Nabokov: “Bir çocuğa asla ve asla ‘çabuk ol’ demeyin.”

“Zira,” diyor Nabokov çocukluğundaki ilk anıyı hatırlarken, “dünya yüzünde zamanın varlığını fark eden ilk yaratıklar, aynı zamanda, tebessüm edebilen ilk yaratıklardı.” Fakat ben, “Tasavvur edilebilecek en mutlu çocukluğu” geçirdiğini iddia eden Nabokov’a inanmıyorum yine de. Çünkü, zekâmın yetmediği oyunlarla aklımı karman çorman eden Vladimir Nabokov’un, Yunan mitolojisinde “hafıza tanrıçası” anlamına gelen “Nimozini”nin yardımıyla çocukluğunu anlatırken satırlarına sinen huzursuzluğu hissedebiliyorum.
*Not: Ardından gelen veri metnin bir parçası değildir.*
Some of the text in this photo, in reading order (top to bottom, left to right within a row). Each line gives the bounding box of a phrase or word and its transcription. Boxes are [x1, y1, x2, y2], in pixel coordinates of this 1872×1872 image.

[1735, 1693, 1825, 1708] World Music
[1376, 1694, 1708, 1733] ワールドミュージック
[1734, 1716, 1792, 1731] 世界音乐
Dostoyevski ve Çehov’a nazaran sahip olduğu olanaklar açısından, şanslı bir çocukmuş Nabokov. Petro ve Pavel Kalesini’nin kumandanlarından olan büyük dedesi, Dostoyevski burada tutuklu olduğu zamanlarda, kitaplarını ödünç verirmiş ona. Ayrıca bu dede, Puşkin’in en yakın arkadaşlarından İvan Puşçin’in kız kardeşiyle evliymiş. Nabokov’un babası da annesi de iyi eğitimli, çocuklarına düşkün kimselermiş. Adaleti her şeyden üstün tutan aktivist bir adammış babası. Kelebeklere çok düşkünmüş; adının verileceği kelebek türlerini keşfedecek kadar tutkun olacağı bu sevda, babasından geçmiş Vladimir’e. Vladimir’in kardeşi Sergey’e de opera tutkusunu miras bırakmış baba.
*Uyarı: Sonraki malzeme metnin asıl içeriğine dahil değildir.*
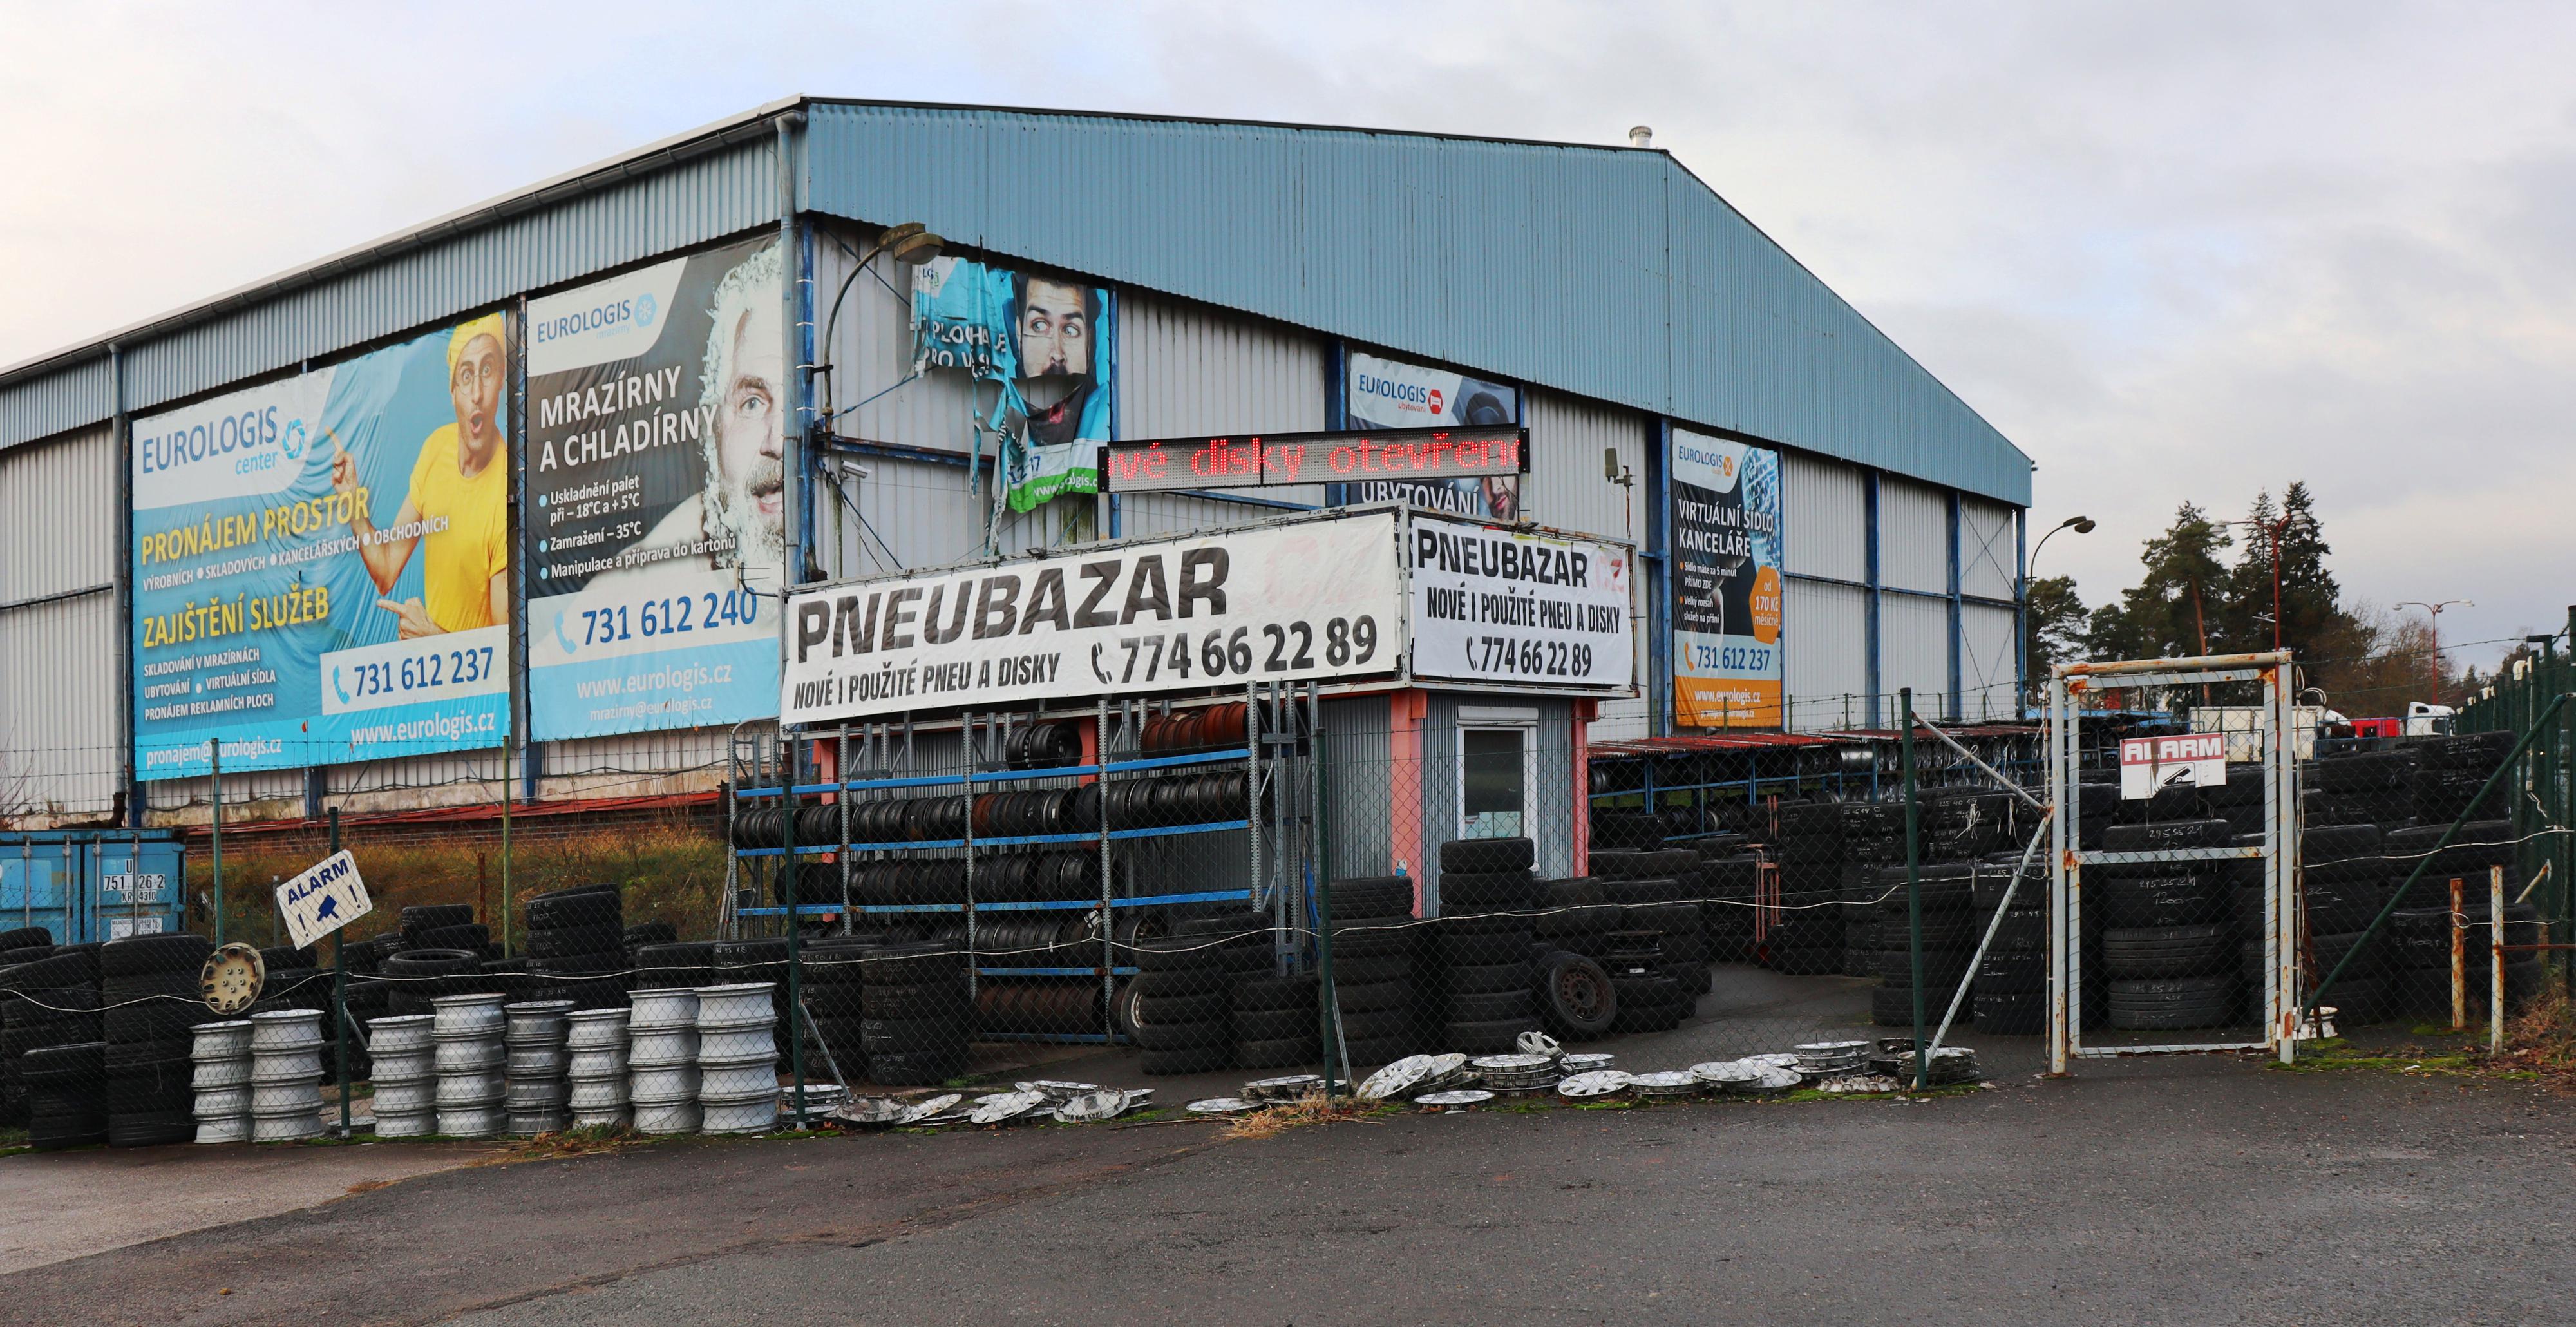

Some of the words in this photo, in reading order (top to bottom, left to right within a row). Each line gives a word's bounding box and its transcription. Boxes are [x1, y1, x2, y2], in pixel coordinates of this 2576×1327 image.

[538, 300, 631, 343] EUROLOGIS
[541, 366, 681, 429] MRAZÍRNY
[1359, 374, 1426, 403] EUROLOGIS
[142, 405, 278, 473] EUROLOGIS
[540, 441, 558, 472] A
[564, 404, 717, 468] CHLADÍRNY
[235, 449, 278, 475] center
[1191, 437, 1303, 481] disky
[1679, 446, 1723, 468] EUROLOGIS
[551, 479, 610, 506] Uskladnění
[612, 475, 639, 496] palet
[1361, 482, 1479, 515] UBYTOVÁNÍ
[142, 513, 256, 565] PRONÁJEM
[263, 487, 370, 541] PROSTOR
[550, 508, 565, 526] při
[603, 504, 610, 513] a
[1678, 499, 1741, 527] VIRTUÁLNÍ
[142, 568, 193, 592] VÝROBNÍCH
[205, 556, 265, 580] SKLADOVÝCH
[279, 534, 360, 566] KANCELÁŘSKÝCH
[374, 515, 449, 546] OBCHODNÍCH
[550, 527, 605, 551] Zamražení
[551, 555, 613, 578] Manipulace
[616, 557, 622, 567] a
[625, 544, 670, 571] příprava
[673, 544, 688, 557] do
[690, 532, 736, 555] kartonů
[1679, 527, 1750, 557] KANCELÁŘE
[1417, 528, 1588, 588] PNEUBAZAR
[1685, 561, 1696, 573] Sídlo
[1697, 564, 1709, 574] máte
[1716, 566, 1720, 575] 5
[1721, 567, 1737, 577] minut
[1702, 579, 1712, 589] ZDE
[1764, 582, 1772, 592] od
[143, 591, 244, 647] ZAJIŠTĚNÍ
[251, 582, 329, 630] SLUŽEB
[583, 604, 631, 645] 731
[641, 595, 692, 636] 612
[703, 587, 757, 629] 240
[797, 546, 1230, 664] PNEUBAZAR
[1427, 580, 1466, 620] NOVÉ
[1472, 592, 1475, 622] I
[1481, 586, 1536, 627] POUŽITÉ
[1540, 599, 1572, 630] PNEU
[1577, 603, 1584, 631] A
[1587, 604, 1620, 634] DISKY
[1684, 595, 1697, 608] Velký
[1698, 598, 1713, 607] rozsah
[1756, 595, 1769, 611] 170
[1770, 596, 1779, 612] Kč
[1684, 611, 1699, 621] služeb
[1707, 613, 1719, 625] přání
[144, 653, 194, 677] SKLADOVÁNÍ
[196, 657, 203, 670] V
[204, 647, 260, 668] MRAZÍRNÁCH
[1120, 632, 1192, 684] 774
[1202, 627, 1253, 678] 66
[1264, 622, 1315, 672] 22
[1325, 615, 1377, 666] 89
[1481, 636, 1516, 673] 774
[1520, 640, 1542, 674] 66
[1547, 641, 1568, 675] 22
[1571, 642, 1592, 677] 89
[1697, 645, 1718, 669] 731
[1723, 647, 1745, 669] 612
[1749, 649, 1770, 671] 237
[144, 680, 190, 699] UBYTOVÁNÍ
[205, 672, 250, 691] VIRTUÁLNÍ
[252, 669, 276, 684] SÍDLA
[355, 662, 393, 697] 731
[401, 654, 444, 690] 612
[451, 646, 493, 684] 237
[576, 661, 732, 699] www.eurologis.cz
[793, 669, 834, 710] NOVÉ
[838, 676, 844, 705] I
[848, 659, 918, 702] POUŽITÉ
[922, 662, 971, 693] PNEU
[977, 660, 990, 687] A
[997, 651, 1061, 687] DISKY
[144, 702, 189, 721] PRONÁJEM
[190, 696, 245, 716] REKLAMNÍCH
[246, 692, 274, 708] PLOCH
[1694, 687, 1761, 705] www.eurologis.cz
[351, 709, 495, 747] www.eurologis.cz
[146, 736, 283, 769] pronajem@urologis.cz
[2124, 738, 2221, 761] ALARM
[126, 859, 133, 873] U
[288, 858, 350, 906] ALARM
[104, 875, 124, 890] 751
Sergey, Vladimir’den bir yaş küçükmüş. Kekemeymiş ve gözleri iyi görmediği için kocaman gözlük takmak zorundaymış. Vladimir ise karizmatik, dışa dönük bir çocukmuş. Kardeşi Sergey’i hiçbir zaman dostu olarak görmemiş; aksine onu her zaman ezebileceği, kendi istekleri için kullanabileceği bir “şey” gibi görmüş. Bir Almanya seyahatlerinde örneğin, Vladimir, Sergey’i kandırmış ve birlikte mürebbiyelerini atlatıp Wiesbaden’den demir alarak Ren Nehri boyunca yol alan buharlı bir gemiye binmişler. Zavallı Sergey, Vladimir’in her dediğini yaptığı yetmezmiş gibi, evde de rahat yüzü göremezmiş. Canı sıkılan Vladimir, piyano çalan kardeşinin arkasından sessizce gelip onu korkuturmuş. Ya da buz pateni yaptıkları sırada sürekli kardeşinin etrafında döner ve ona rahat vermezmiş. Bilmem, belki erkek çocuklar arasında mümkün olabilecek mücadelelerdir bunlar. Fakat Vladimir, kardeşine karşı biraz fazla acımasızmış. İlk gençlik yıllarında kardeşinin günlüğünü karıştırmış ve onun eşcinsel olduğunu anlayınca da günlüğü öğretmenlerine vermekten çekinmemiş. Öğretmenler de durumu aileye bildirmiş ve Sergey okul değiştirmek zorunda bırakılmış.

Vladimir Nabokov, keşfettiği ilk hayal dünyasına, annesinin attığı okları takip ettiğinde ulaşmış. Hayal kırıklığının verdiği acıyı iyi bilen anne, yanlarındaki yaşlı kâhyanın ya da baba tarafından dedenin hayallerini bozmamak için evin düzenini onların hayallerindekine göre dizayn edecek denli titizmiş bu konuda.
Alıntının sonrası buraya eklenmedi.